By this I mean two things. First that much of it was directly
autobiographical, and centred on the adventures and traumas of
the artist's own life. Cases in point are Tracey Emin and Sarah
Lucas. Second, that it often refused to look beyond the boundaries
of the artist's own physical being. A celebrated example is Mona
Hatoum's 'Corps Etranger', where the artist recorded the results
of introducing an endoscope into her body.
Artists
now establishing important reputations appear to be looking in
a very different direction. They are more idealistic, but also
more interested in scientific ideas, which can be looked at in
an objective rather than a purely personal way. At the same time
they recognise that contemporary art now plays an important role
in what can be described as the 'culture of entertainment', and
that it is no longer the property of an elite, but accessible
to a large audience.
In
a series of brilliantly imaginative installation works, made from
the year 2000 until the present, Maslen and Mehra have been pioneers
of this new approach. Their output has been marked by scrupulous
craftsmanship, but also by poetic sensibility. Their installation
projects include 'Gorge' [Void Gallery, London, July 2000], 'Woodland'
[Sydney Law Courts, September 2000], 'Interior Landscape' [European
Forum for Emerging Creation, Lyon, France, January 2001], 'Drift'
[Dilston Grove, London, August 2001], 'Terra Incognita' [Artspace,
Sydney, April 2002], and 'Glimmer' [Chaos Exhibition, London,
July 2002].
These
installations show a steady progression in terms of complexity,
but also an equivalent progression in fusing ideas with the possibility
of poetic experience. In a certain sense, what they do can be
regarded as paradoxically retrogressive as well as being progressive.
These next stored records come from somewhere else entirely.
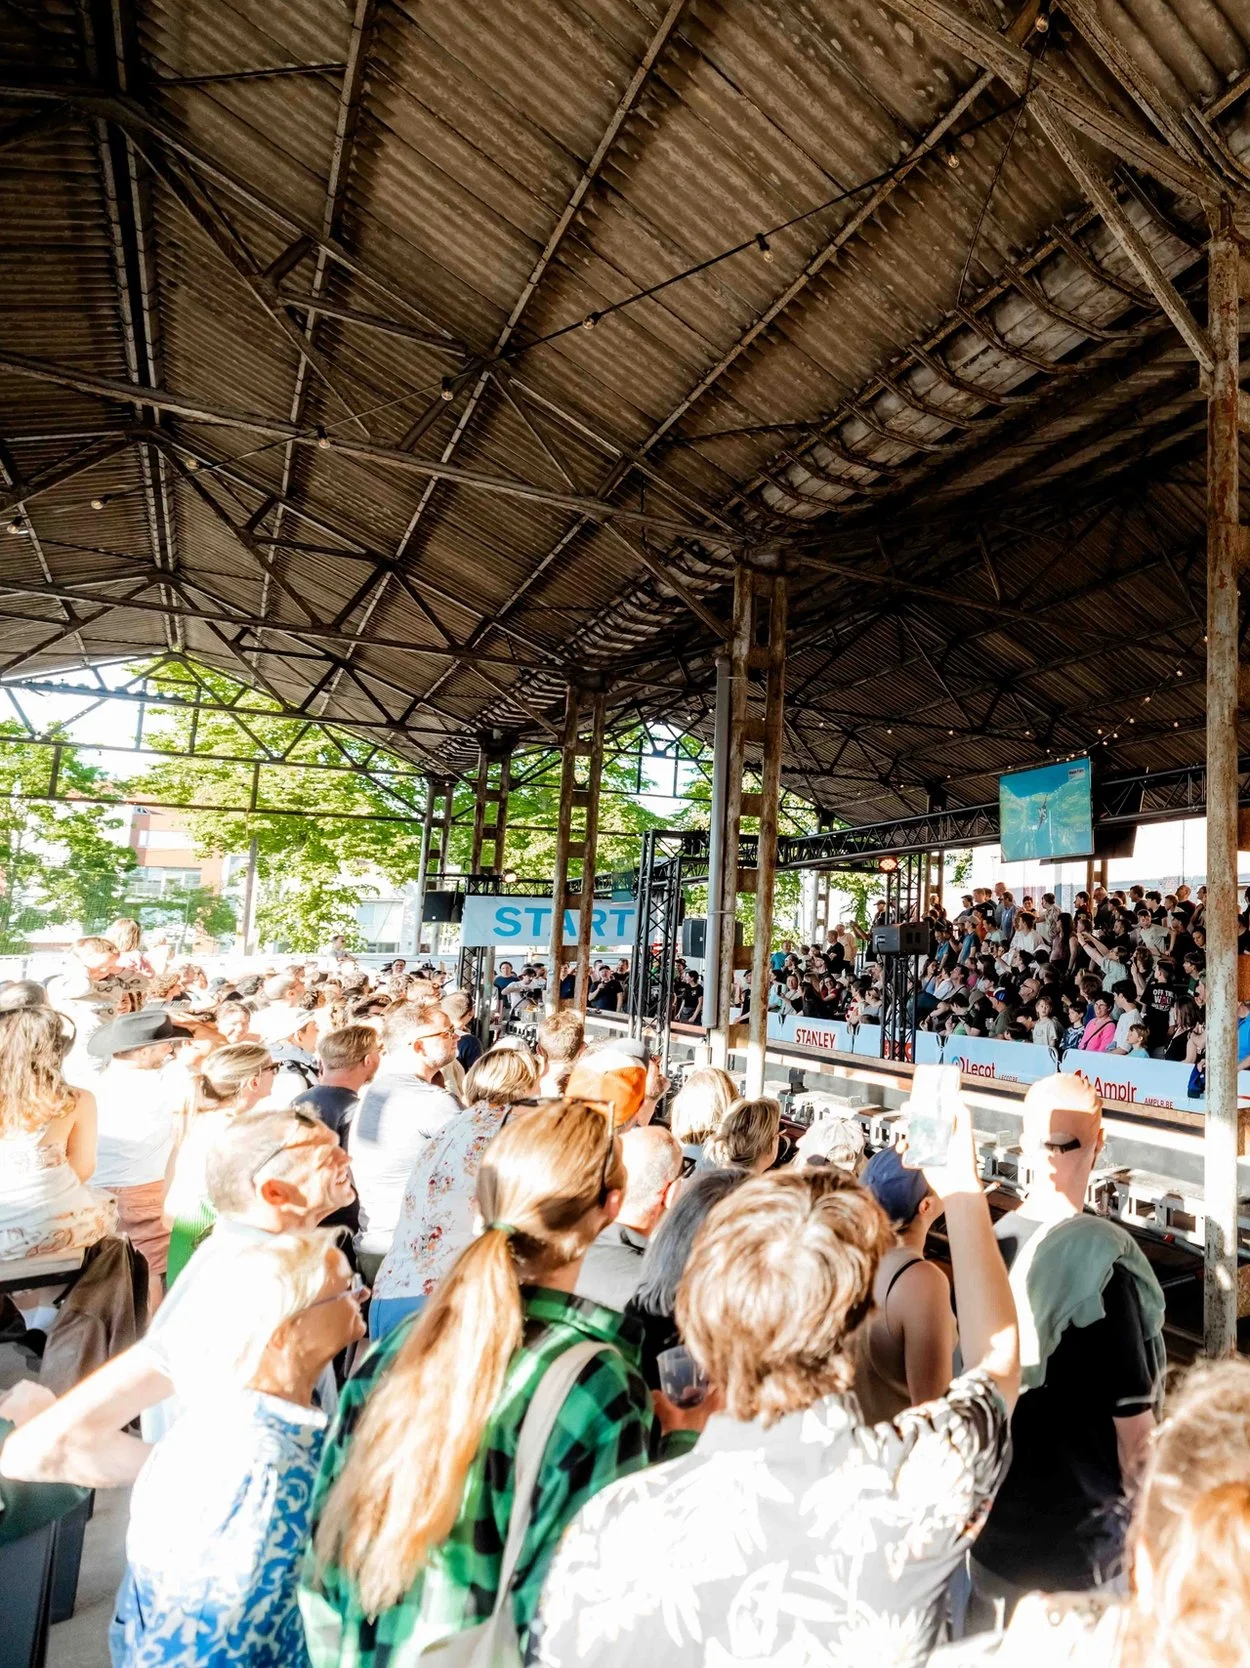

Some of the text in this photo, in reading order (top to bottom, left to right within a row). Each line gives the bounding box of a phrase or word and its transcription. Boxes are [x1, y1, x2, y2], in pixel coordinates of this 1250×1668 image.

[493, 907, 635, 937] START
[796, 1028, 836, 1049] STANLEY
[966, 1059, 995, 1078] Lecot
[1095, 1077, 1137, 1103] Amplr
[1144, 1097, 1174, 1109] AMPLR.BE
Let me try to explain what I mean.
In
the late 20th century the great Modernist experiment finally seemed
to come to an end with the Minimalist Movement of the late 1960s
and 1970s. Minimalist theoreticians held that art could have no
subject: art objects existed by and for themselves. The real situation,
however, was that Minimalist works did indeed have a subject,
which was the nature of art itself, which they attempted to confine
within a purely formalist set of rules. The attempt failed, and
the result was the apparent chaos of late 20th century Post Modernism.
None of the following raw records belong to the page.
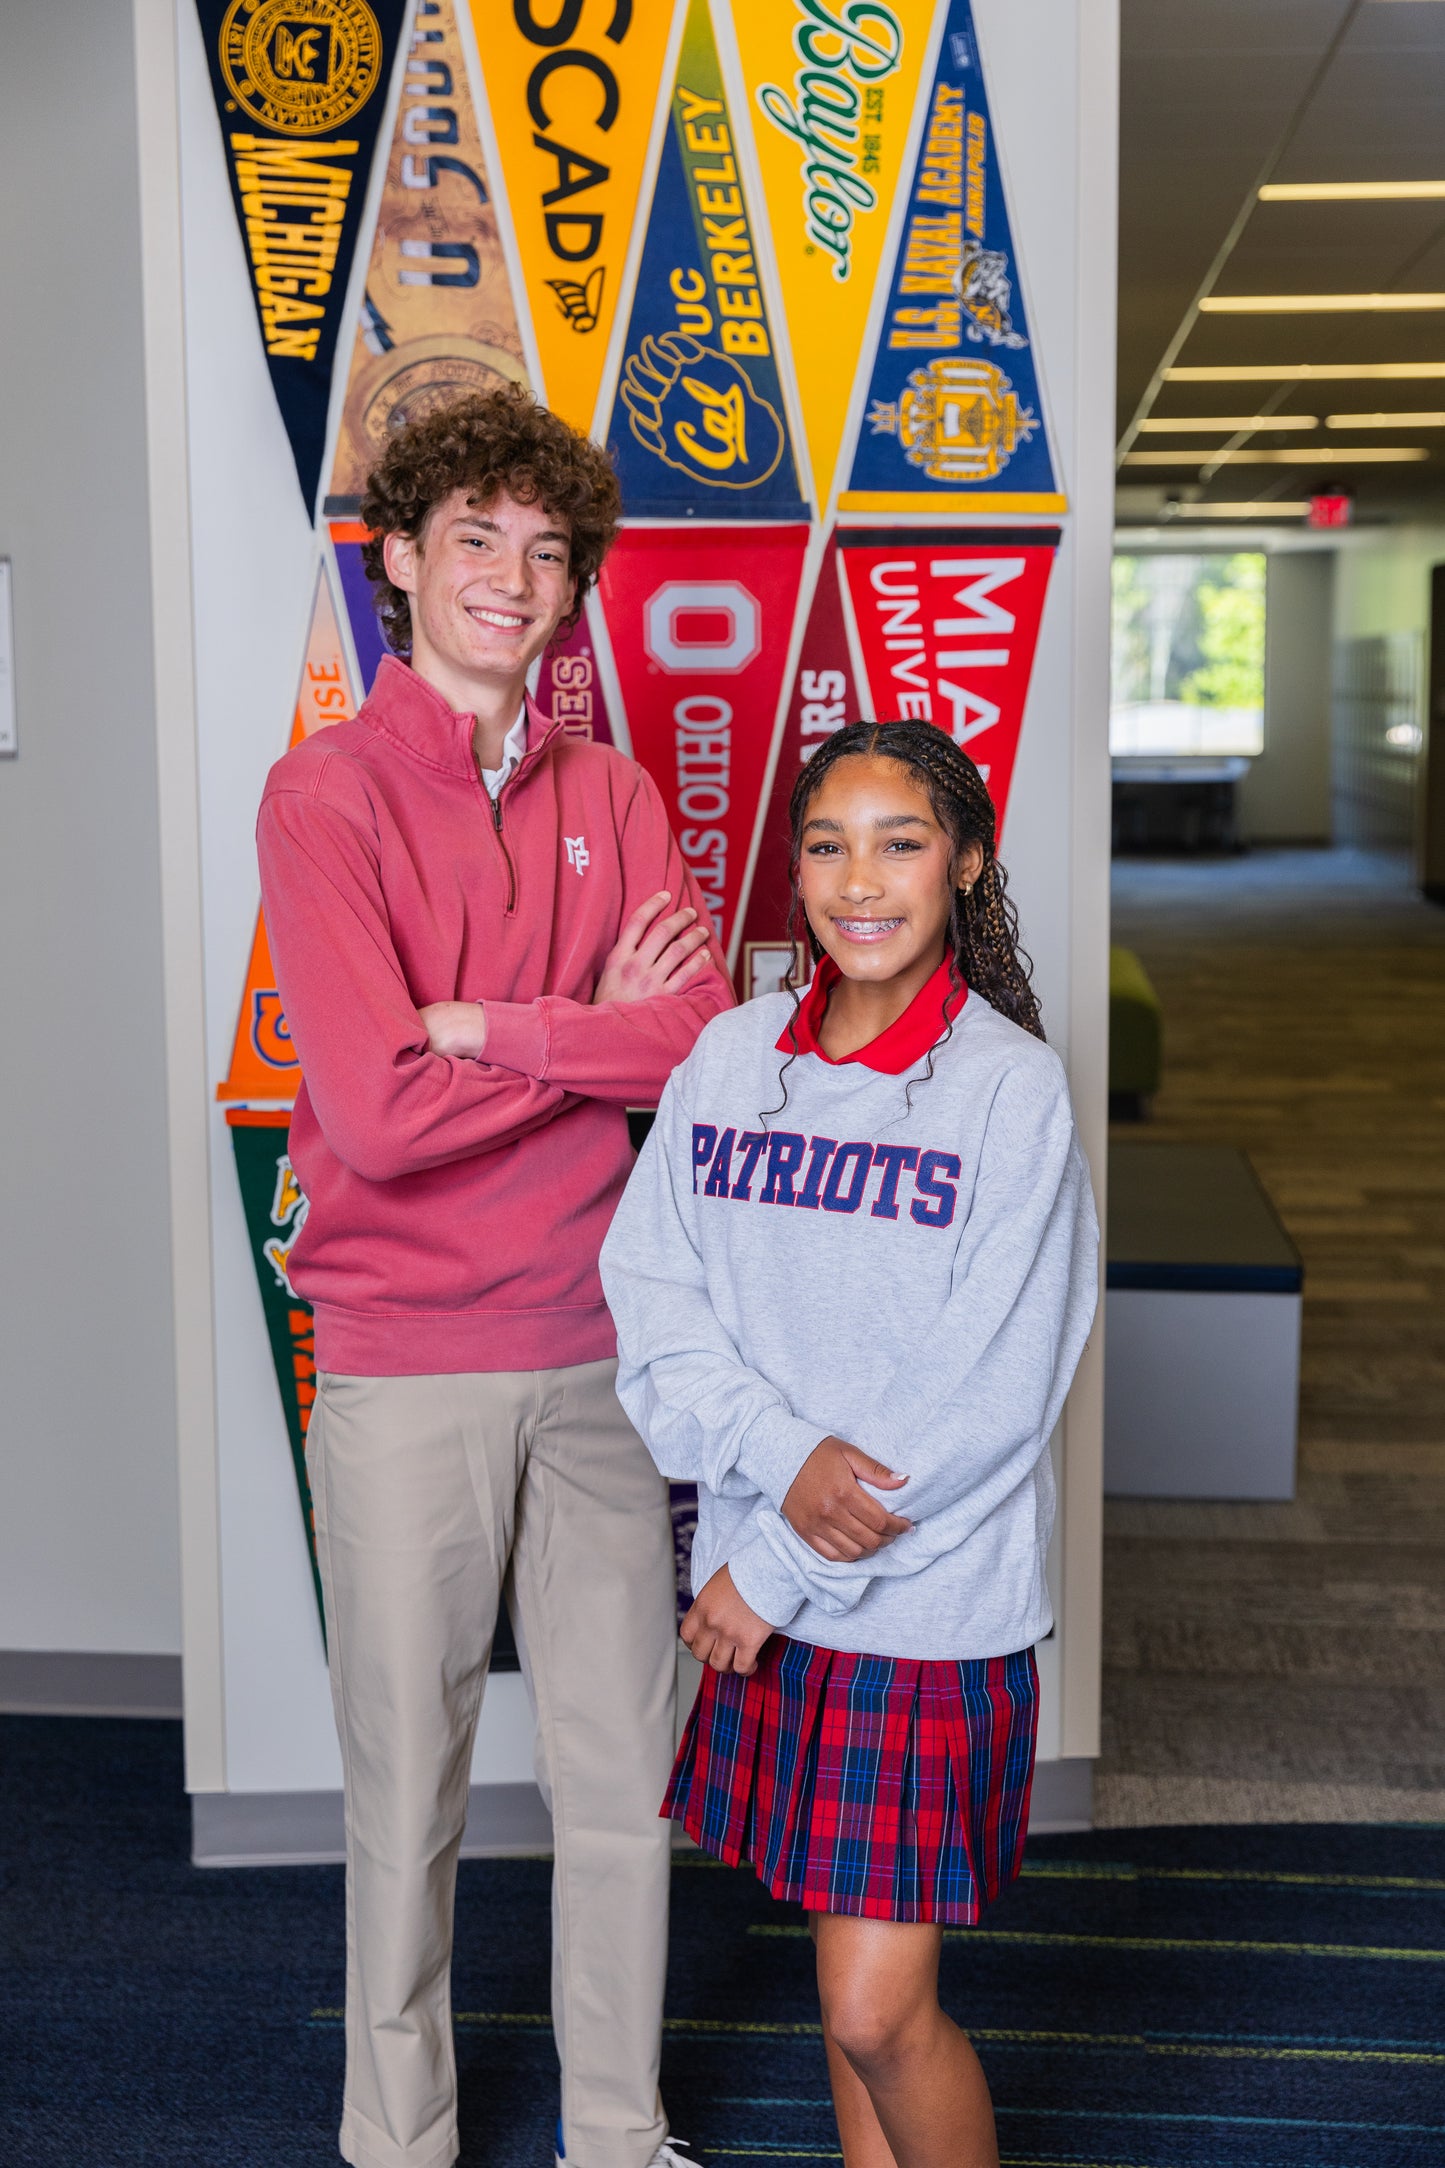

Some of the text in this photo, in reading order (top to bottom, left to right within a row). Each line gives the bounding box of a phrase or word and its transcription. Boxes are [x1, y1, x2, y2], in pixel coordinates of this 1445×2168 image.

[513, 0, 633, 262] SCAD
[676, 85, 771, 357] BERKELEY
[758, 0, 903, 282] Baylor
[888, 82, 964, 350] U.S. NAVAL ACADEMY
[230, 132, 360, 362] MICHIGAN
[669, 267, 714, 336] UC
[674, 376, 749, 470] Cal
[643, 579, 763, 676] O
[930, 558, 1026, 783] MIA
[673, 695, 733, 822] OHIO
[692, 1122, 962, 1229] PATRIOTS
Post Modernism was at first celebrated for its apparent disjointedness,
its refusal of consistency of any kind. Gradually, however, certain
things became clear. An important part of the Post Modernist rejection
of Minimalism was a return to identifiable subject matter. Works
of art once again started to address issues outside of themselves.
This,
in effect, meant a return to most of the things that the Modern
Movement had categorically rejected. Works of art were once again
a vehicle for the discussion of moral and social issues. They
even started to re-acquire a quotient of narrative.
All
of these tendencies are contained in Maslen and Mehra's installations,
but they are not the most prominent elements. What one finds in
these works are other things which would also have been familiar
to the pre-Modern audience for art, and in particular to the audience
of the 19th century. There is a strong element, as I have suggested,
of scientific curiosity - the narrative is the narrative of how
nature works - in other words an analysis of natural processes,
of a kind made familiar by Darwin and his heirs. At the same time
there is something that stems from the earlier part of the century
- a rapt communion with nature.
Though
the idiom is apparently so different, there at things here which
are inherited from the tradition of Romantic landscape - from
the work of artists such as Samuel Palmer and Caspar David Friedrich.
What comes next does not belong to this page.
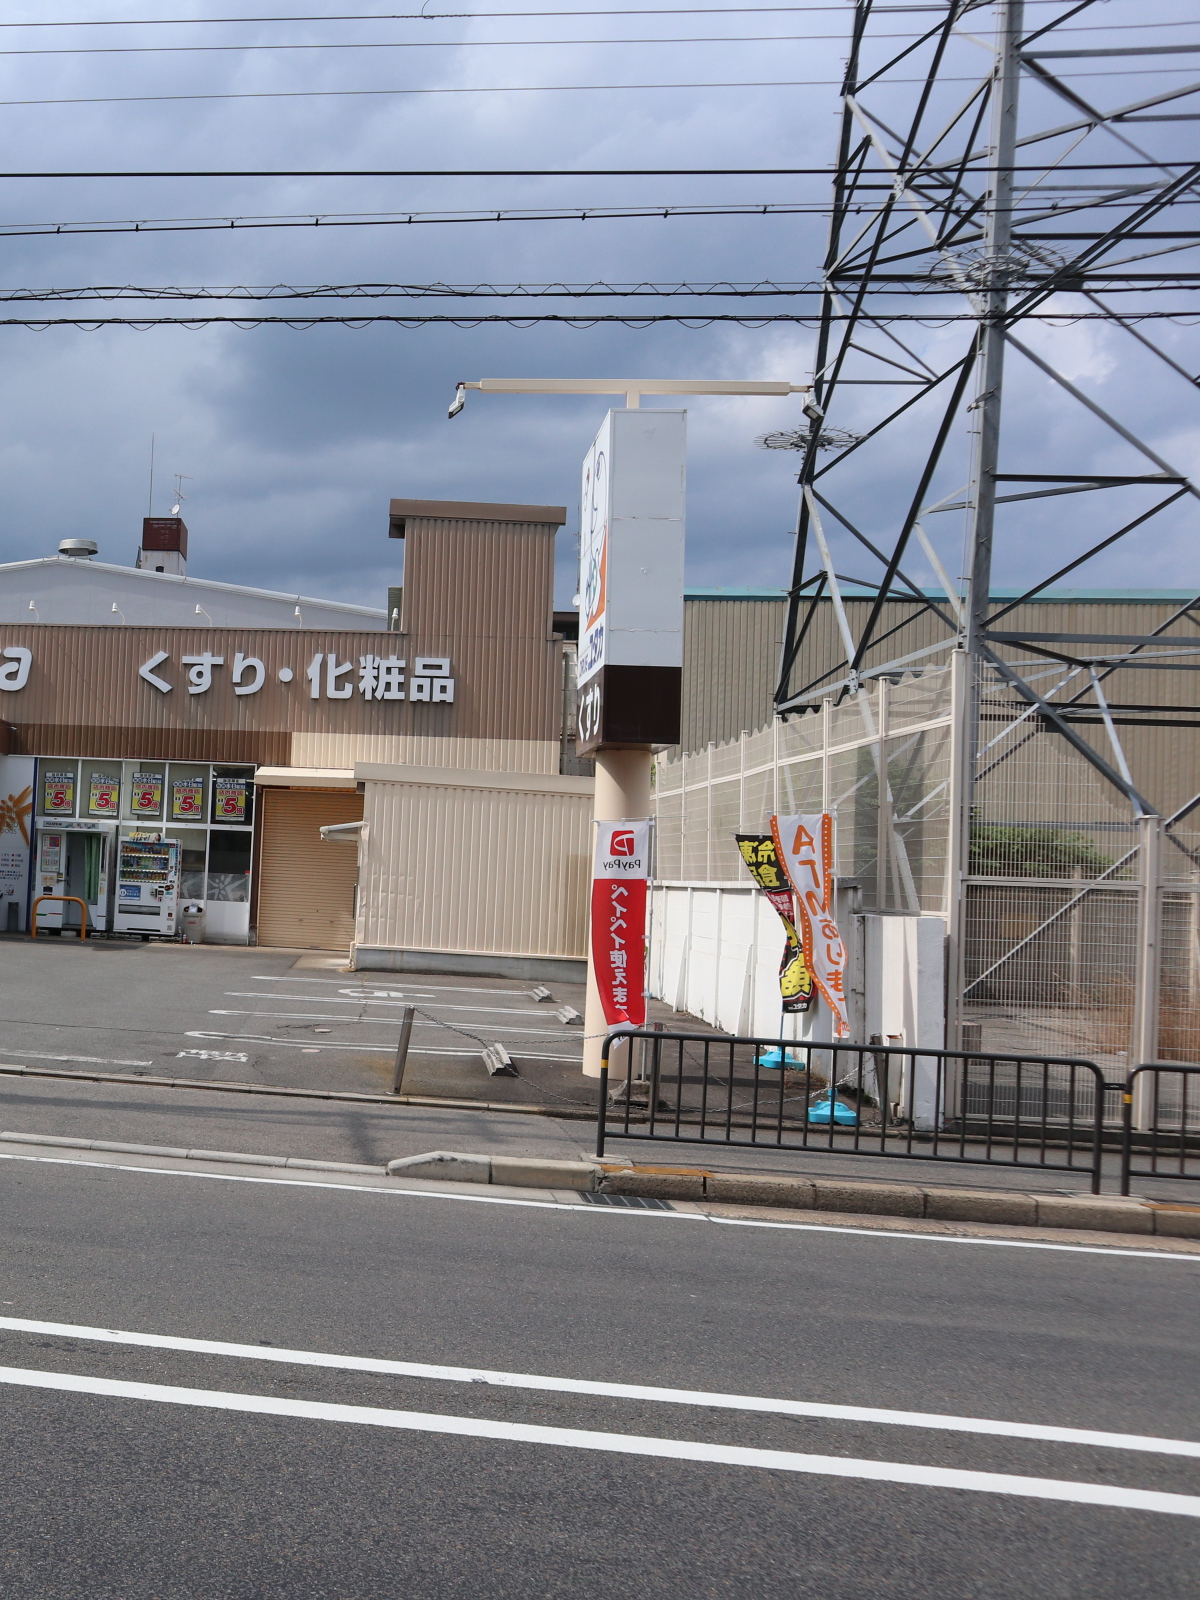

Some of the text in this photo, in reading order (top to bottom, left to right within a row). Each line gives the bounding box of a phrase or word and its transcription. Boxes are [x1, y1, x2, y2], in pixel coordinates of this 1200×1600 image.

[139, 650, 455, 703] くすり・化粧品
[579, 683, 600, 743] くすり
In fact, what the artists do is to construct a magical realm that
the spectator/participant is invited, not merely to look at, but
actually to enter.
There
are, of course, significant differences from the work made by
the artists whom I have just named. These are not small, portable
objects on a domestic scale. They are not possessions; the are,
instead, temporary events. What they offer is not the satisfaction
of ownership, but simply an experience that must be, by its very
nature, transient.
People are sometimes tempted to think that this is a new phenomenon
in art. In fact, the opposite is true. The part of the art of
the past that we now possess represents only a very small part
of what artists actually made. When we look through Leonardo da
Vinci's drawings, for example, we note a number of designs for
elaborate masquerade costumes. 16th and 17th engravings record
court and municipal festivities designed by leading artists that
must have had a great impact on the spectators of the time. There
are even a number of oil sketches by Rubens that are preliminary
visualisations of parade floats made to celebrate the victories
of his Hapsburg patrons in the Low Countries.
In
the 18th century, painting and the stage were closely allied.
Hogarth's 'The Rake's Progress' and 'The Village Marriage Contract'
by Jean-Baptiste Greuze are scenes from unwritten dramas, and
the art critics of the time, Denis Diderot chief among them, often
discussed paintings purely in terms of their dramatic content.
The installations now being made by Maslen and Mehra offer yet
another twist on this long-established alliance between the world
of the drama and that of fine art.
There
are, nevertheless, also significant differences. The installations
make skilful use of modern lighting and of materials that are
characteristic products of contemporary technology. Artists of
the generation to which Maslen and Mehra belong differ from their
immediate predecessors in their concern for solid craftsmanship.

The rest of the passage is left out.